(DATA SHOWN):
== Segment start ==
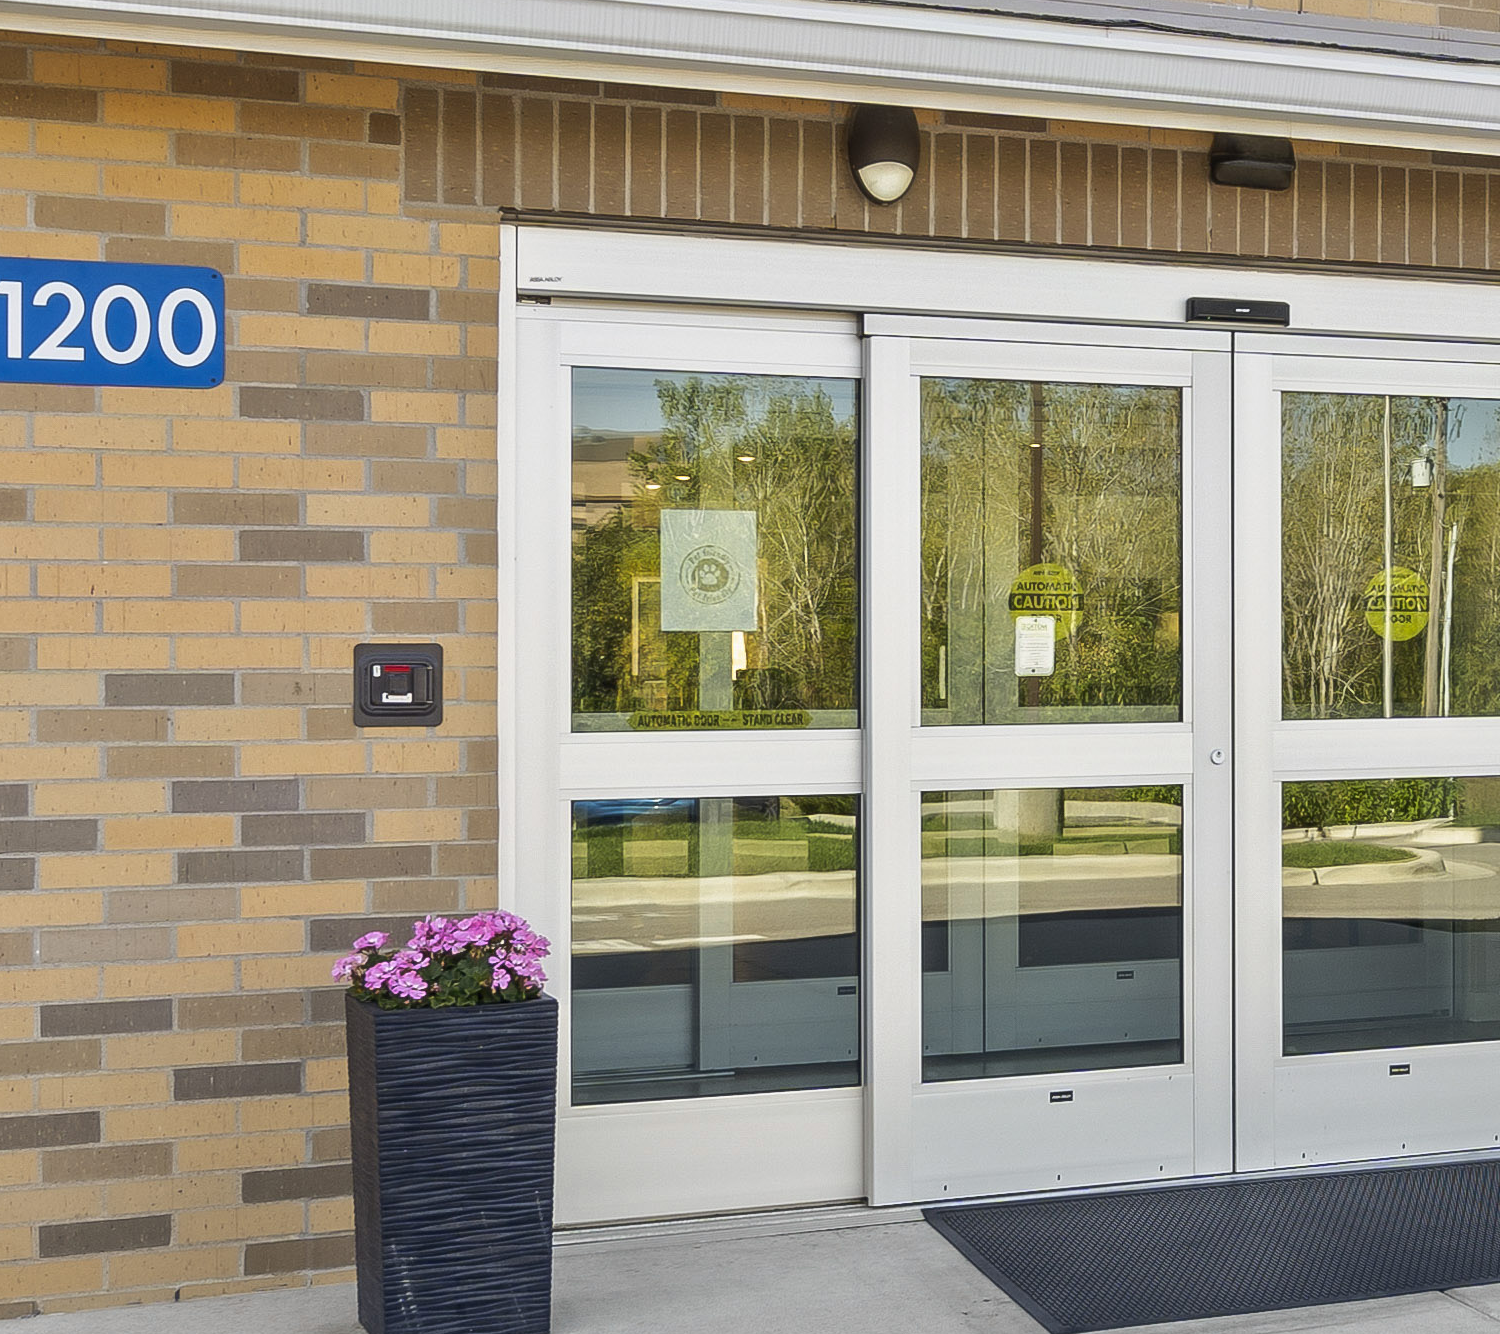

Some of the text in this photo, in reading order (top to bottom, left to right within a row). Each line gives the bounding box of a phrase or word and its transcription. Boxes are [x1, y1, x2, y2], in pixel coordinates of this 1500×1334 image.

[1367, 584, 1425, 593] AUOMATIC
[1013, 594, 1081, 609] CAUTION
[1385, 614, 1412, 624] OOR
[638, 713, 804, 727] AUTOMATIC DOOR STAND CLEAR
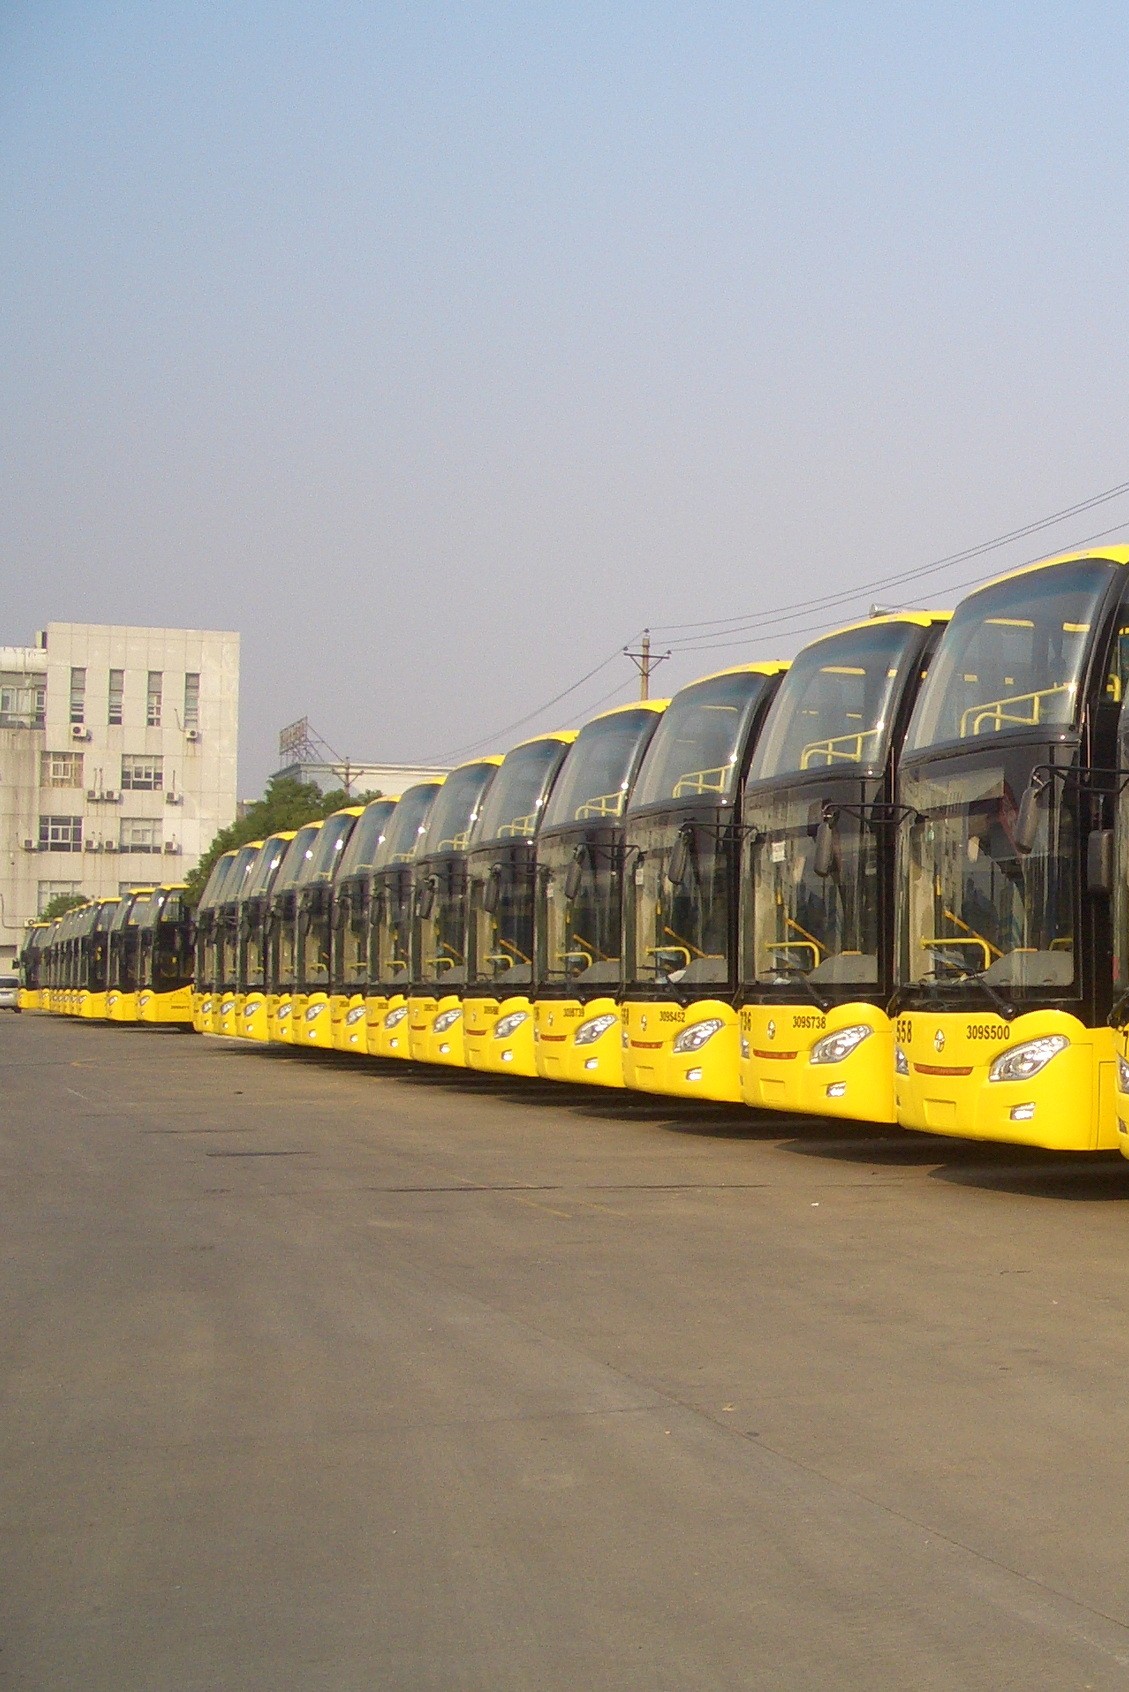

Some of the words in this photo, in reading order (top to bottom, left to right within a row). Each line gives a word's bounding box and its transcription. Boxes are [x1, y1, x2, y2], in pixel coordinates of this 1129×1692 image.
== Segment end ==
Could you print the material above word for word and skip the images?

(YOUR SOLUTION):
Some of the text in this photo, in reading order (top to bottom, left to right within a row). Each line gives the bounding box of a phrase or word and its transcription. Boxes are [x1, y1, x2, y2], in pixel coordinates of this 1500×1334 image.

[1367, 584, 1425, 593] AUOMATIC
[1013, 594, 1081, 609] CAUTION
[1385, 614, 1412, 624] OOR
[638, 713, 804, 727] AUTOMATIC DOOR STAND CLEAR

Some of the words in this photo, in reading order (top to bottom, left to right within a row). Each line gives a word's bounding box and its transcription. Boxes are [x1, y1, x2, y2], in pixel coordinates of this 1129×1692 image.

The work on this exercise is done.